• **Source information**

┄┄┄┄┄┄

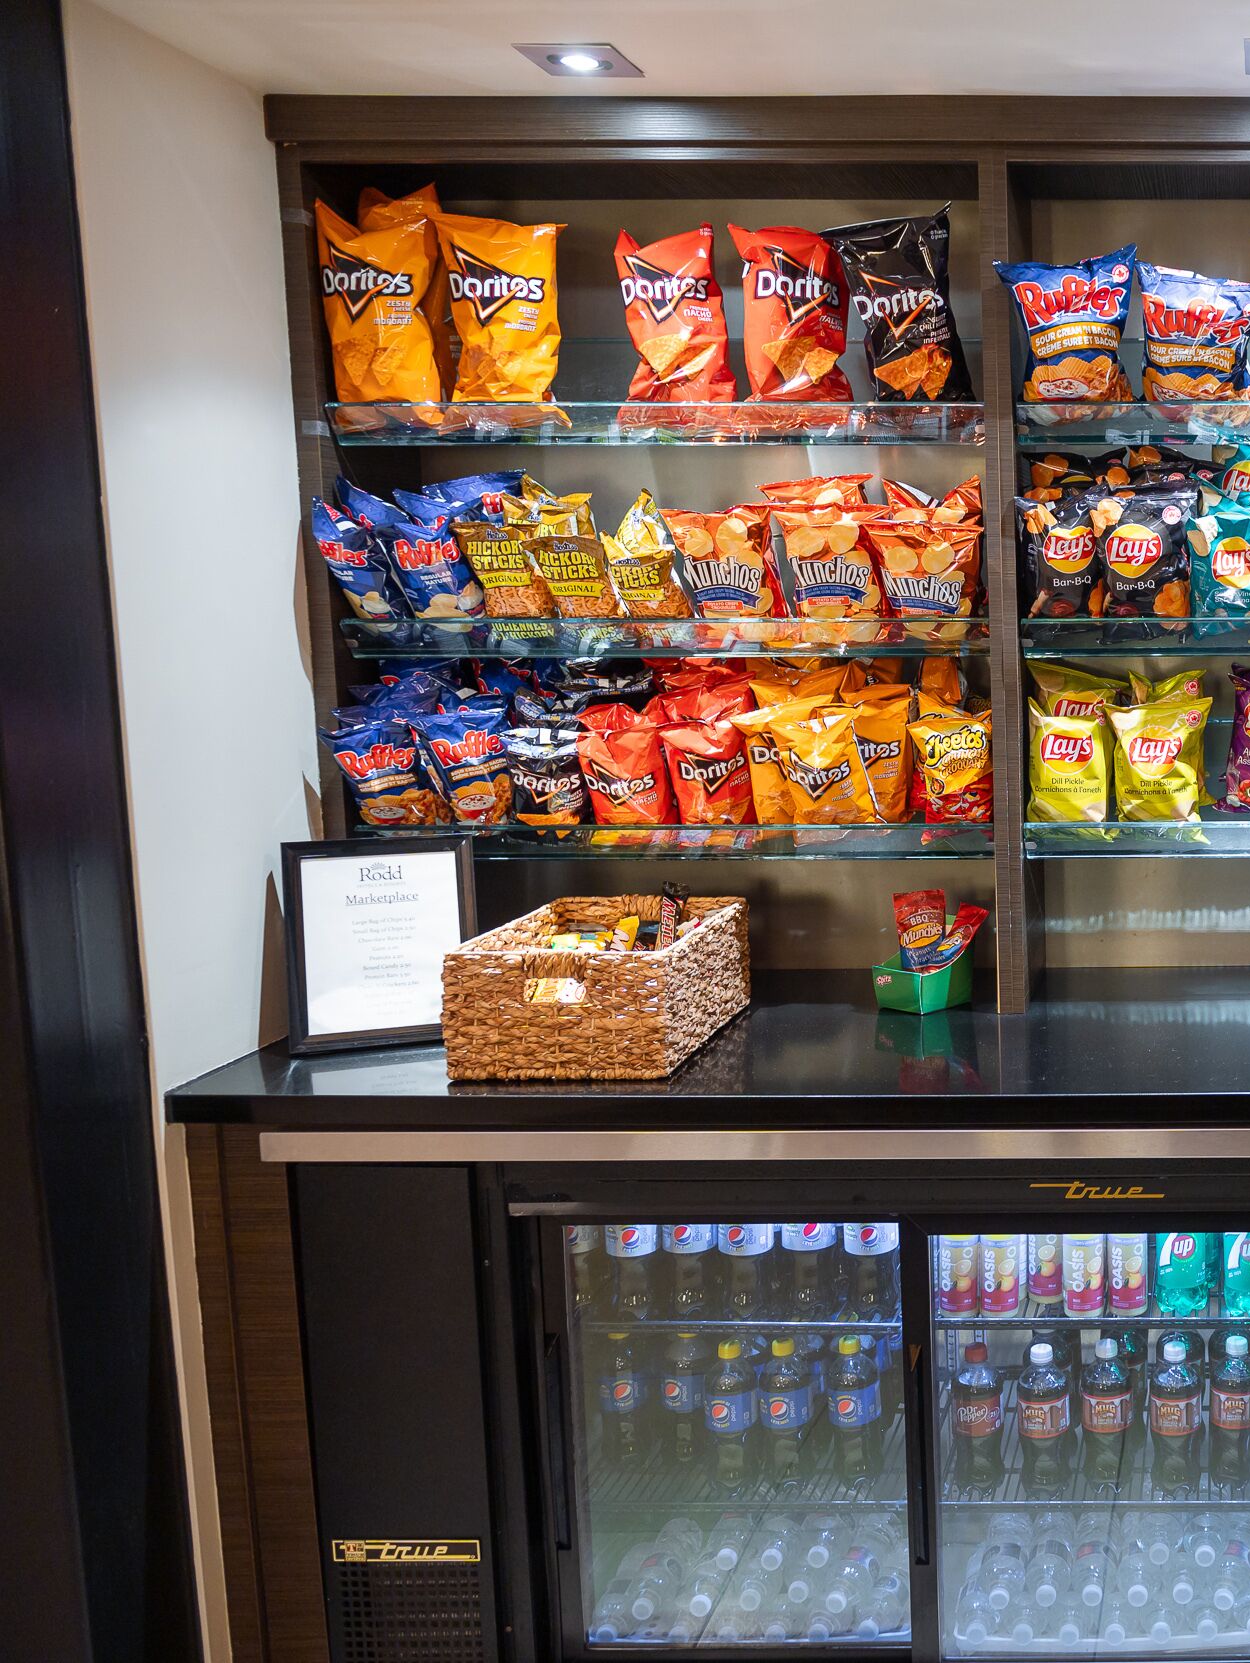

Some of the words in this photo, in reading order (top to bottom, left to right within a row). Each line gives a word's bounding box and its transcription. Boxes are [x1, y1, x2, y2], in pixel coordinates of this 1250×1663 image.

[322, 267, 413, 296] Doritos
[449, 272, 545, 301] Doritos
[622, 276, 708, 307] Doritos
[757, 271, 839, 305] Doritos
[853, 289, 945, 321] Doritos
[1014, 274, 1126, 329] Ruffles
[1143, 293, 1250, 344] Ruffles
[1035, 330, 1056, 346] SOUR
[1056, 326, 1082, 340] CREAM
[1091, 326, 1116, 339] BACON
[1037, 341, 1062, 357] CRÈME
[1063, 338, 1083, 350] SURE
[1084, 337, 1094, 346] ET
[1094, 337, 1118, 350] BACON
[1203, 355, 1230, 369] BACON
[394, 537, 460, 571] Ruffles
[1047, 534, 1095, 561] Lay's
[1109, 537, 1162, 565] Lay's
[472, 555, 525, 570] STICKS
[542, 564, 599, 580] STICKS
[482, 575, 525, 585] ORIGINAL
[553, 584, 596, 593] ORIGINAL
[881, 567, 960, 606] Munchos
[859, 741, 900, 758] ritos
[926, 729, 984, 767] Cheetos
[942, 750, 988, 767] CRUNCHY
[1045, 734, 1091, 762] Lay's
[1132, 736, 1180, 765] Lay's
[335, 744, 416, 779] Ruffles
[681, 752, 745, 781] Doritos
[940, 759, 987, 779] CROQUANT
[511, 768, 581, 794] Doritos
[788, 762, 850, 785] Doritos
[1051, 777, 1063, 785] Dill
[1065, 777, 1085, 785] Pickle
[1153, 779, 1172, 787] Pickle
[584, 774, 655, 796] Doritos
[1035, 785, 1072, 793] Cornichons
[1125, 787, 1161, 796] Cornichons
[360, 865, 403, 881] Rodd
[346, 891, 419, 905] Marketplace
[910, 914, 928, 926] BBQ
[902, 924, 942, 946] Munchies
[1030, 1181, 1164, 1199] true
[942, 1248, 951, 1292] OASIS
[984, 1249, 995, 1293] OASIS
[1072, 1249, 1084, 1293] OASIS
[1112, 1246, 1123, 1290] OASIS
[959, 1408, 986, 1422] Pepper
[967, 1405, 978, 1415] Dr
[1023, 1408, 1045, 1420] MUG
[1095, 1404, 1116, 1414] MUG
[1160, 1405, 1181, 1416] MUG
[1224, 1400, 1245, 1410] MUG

┄┄┄┄┄┄

• **Action item**
Only one number is wanted: how many lines in the records above contain the string "OASIS".

• **Finished exercise**
4